### TASK OBJECTIVE
Please retype the entries exactly as they stand, leaving out any pictures.

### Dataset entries
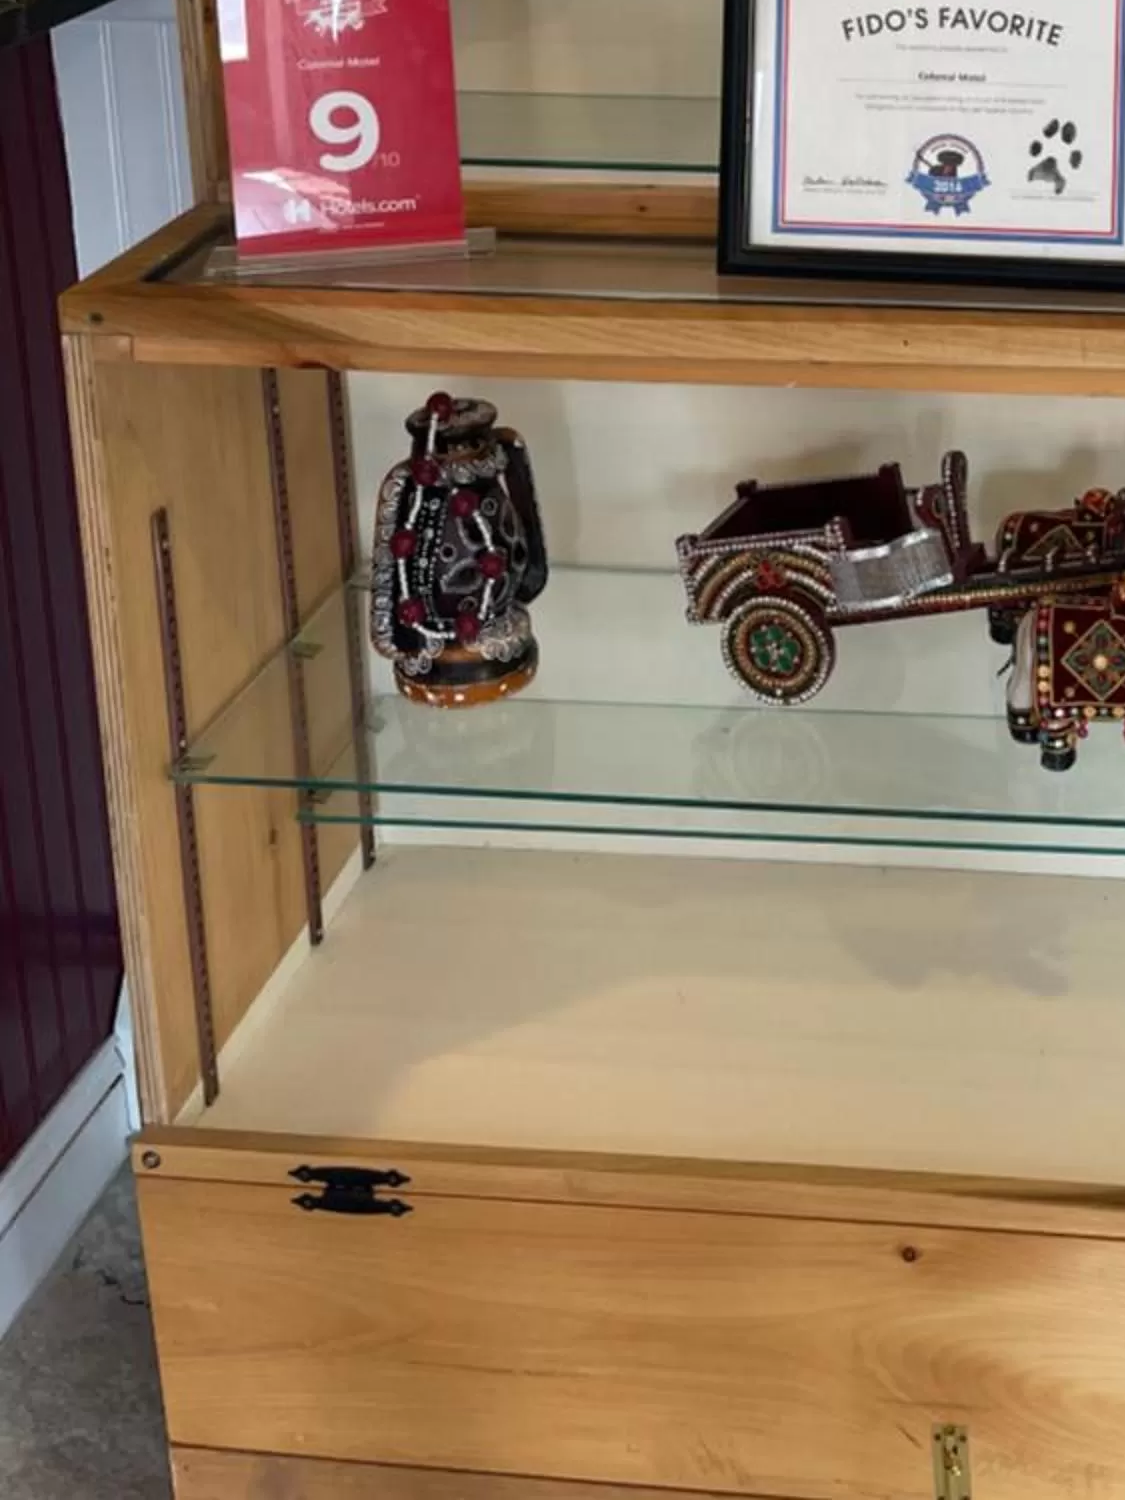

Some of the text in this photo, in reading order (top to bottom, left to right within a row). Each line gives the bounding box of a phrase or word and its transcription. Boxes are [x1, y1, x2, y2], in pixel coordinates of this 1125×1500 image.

[841, 7, 1064, 46] FIDO'S FAVORITE
[309, 90, 380, 172] 9
[321, 196, 417, 216] Hotels.com
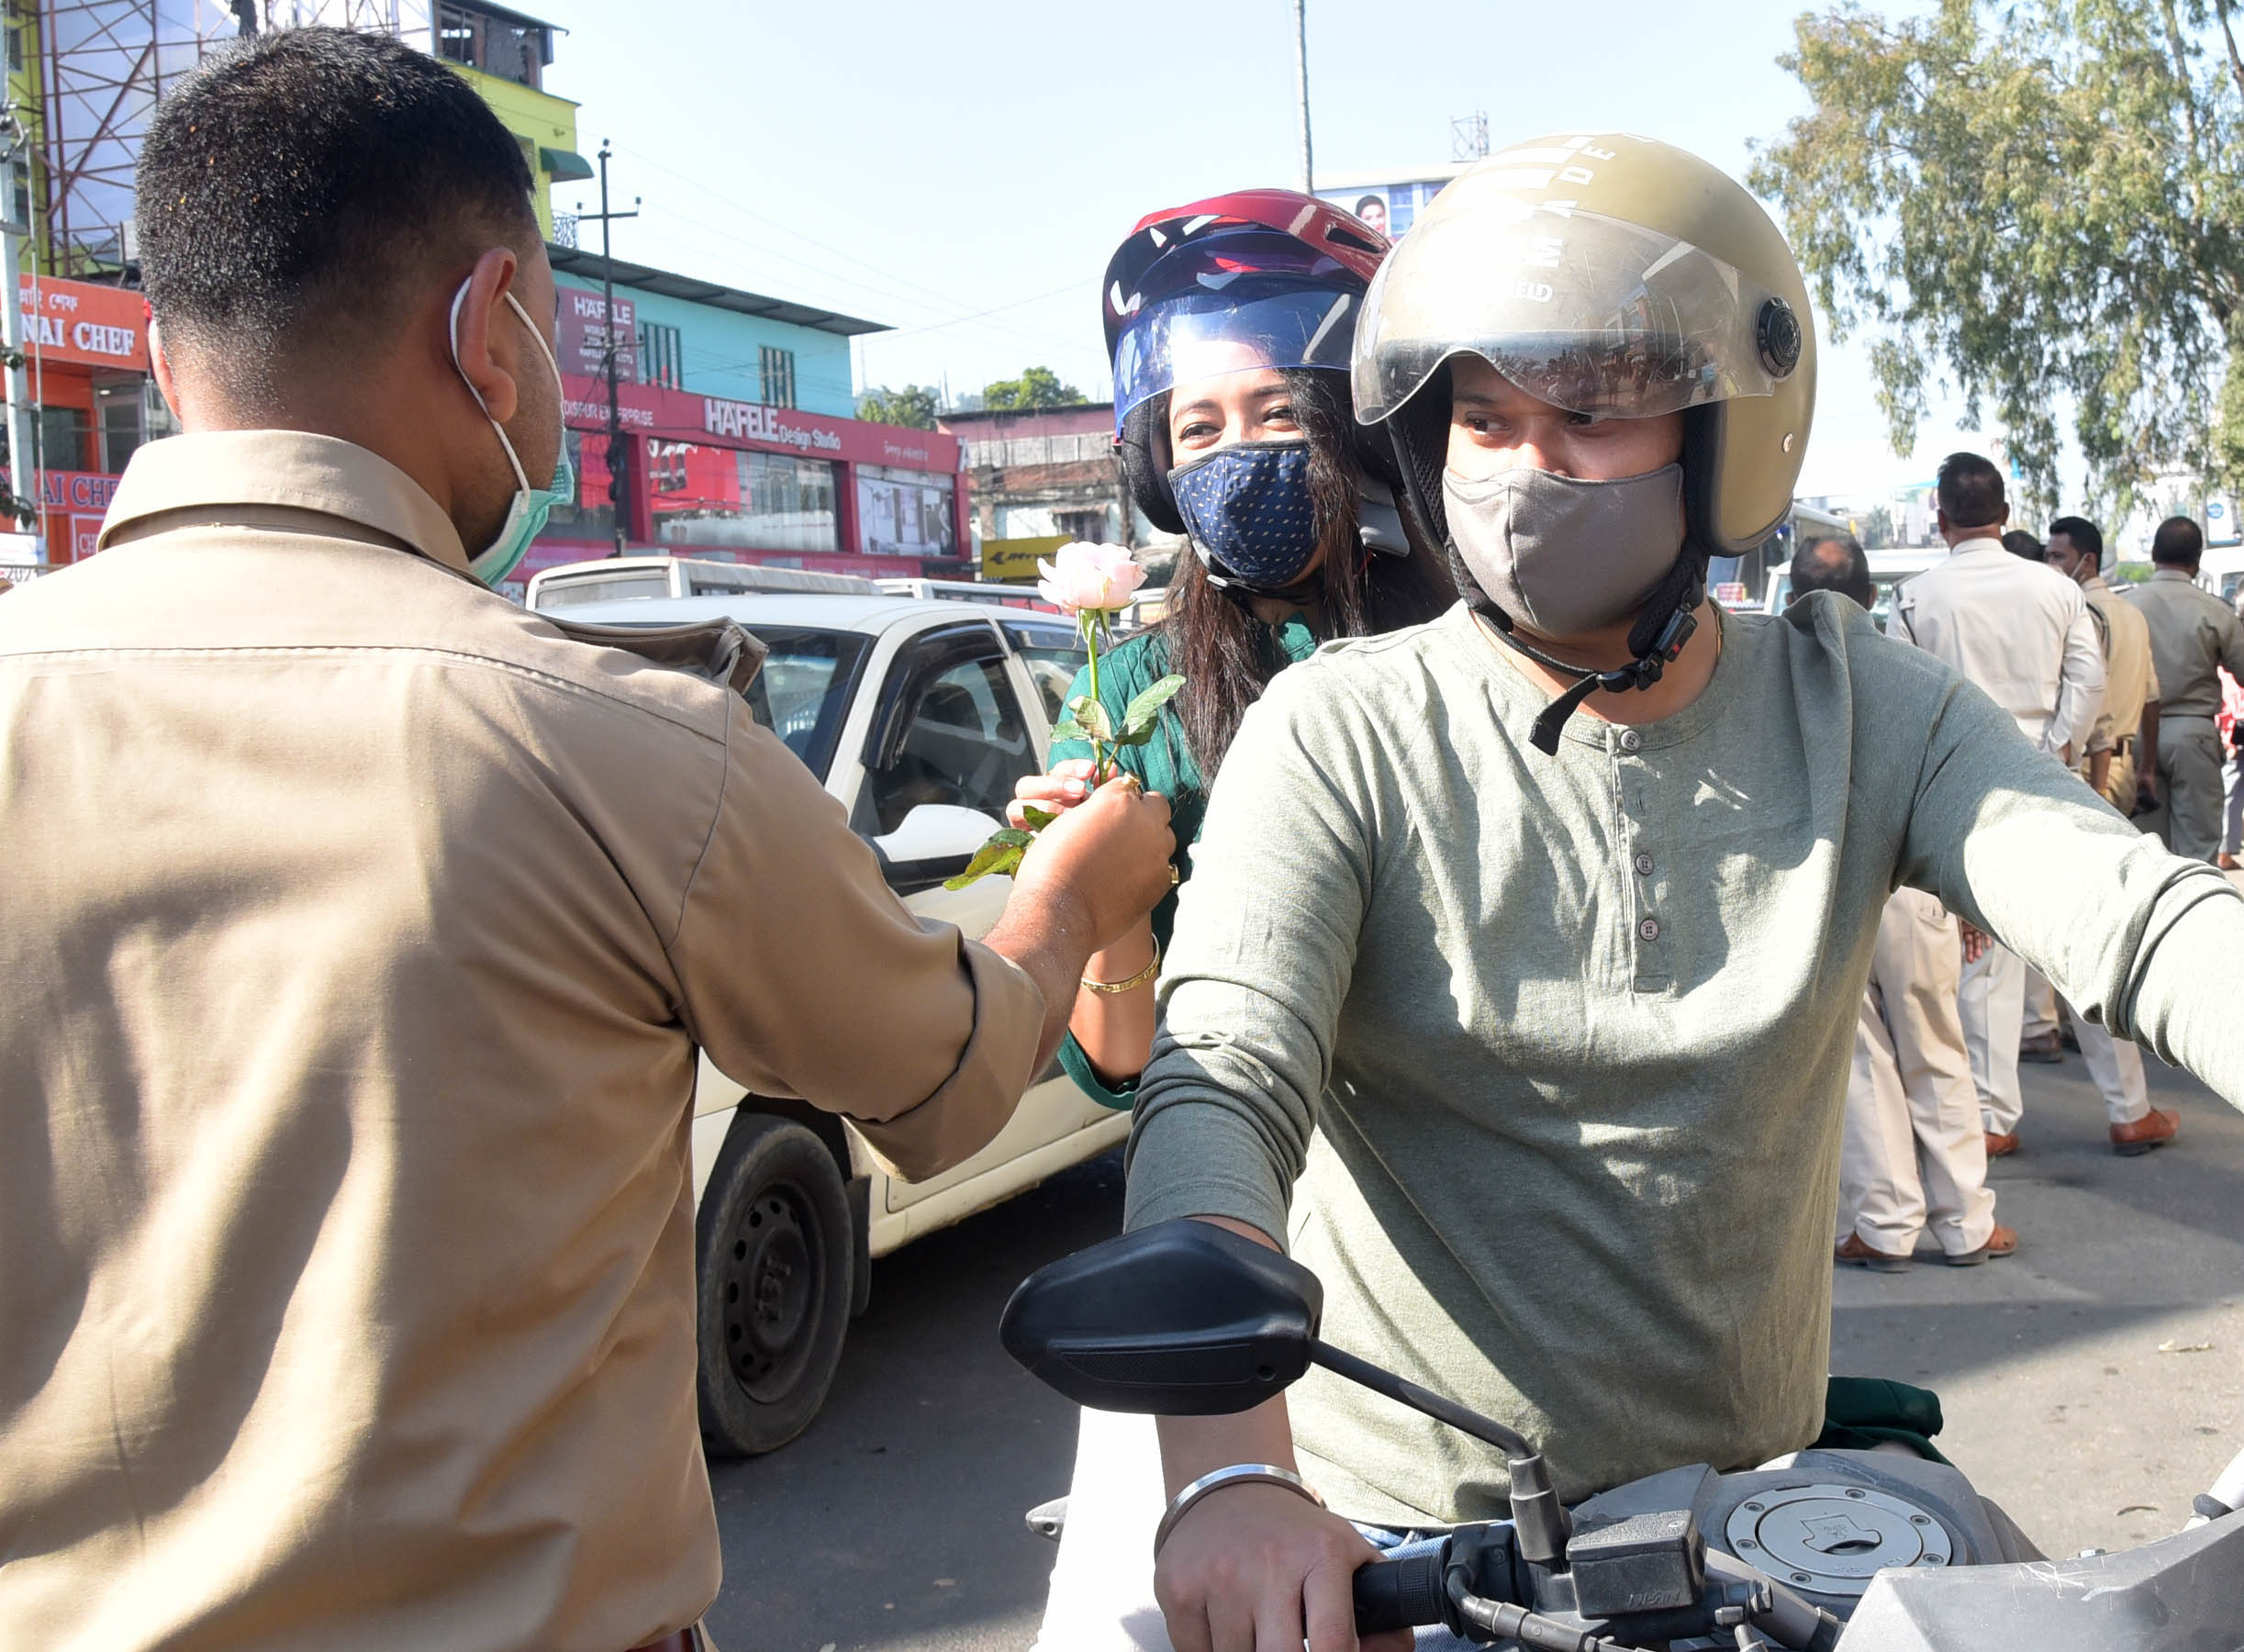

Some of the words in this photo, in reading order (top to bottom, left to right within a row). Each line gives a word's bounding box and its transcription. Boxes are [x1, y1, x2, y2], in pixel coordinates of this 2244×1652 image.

[574, 296, 631, 325] HÄFLE
[73, 321, 135, 356] CHEF
[598, 405, 653, 427] ENERPRISE
[780, 424, 811, 451] Design
[811, 429, 842, 451] Studio

### ANSWER SECTION
Some of the text in this photo, in reading order (top to bottom, left to right within a row). Each line gives the bounding box of a phrase or word and its transcription. Boxes are [x1, y1, x2, y2], in pixel coordinates of this 1125×1500 image.

[841, 7, 1064, 46] FIDO'S FAVORITE
[309, 90, 380, 172] 9
[321, 196, 417, 216] Hotels.com

Some of the words in this photo, in reading order (top to bottom, left to right within a row). Each line gives a word's bounding box and its transcription. Boxes are [x1, y1, x2, y2], in pixel coordinates of this 2244×1652 image.

[574, 296, 631, 325] HÄFLE
[73, 321, 135, 356] CHEF
[598, 405, 653, 427] ENERPRISE
[780, 424, 811, 451] Design
[811, 429, 842, 451] Studio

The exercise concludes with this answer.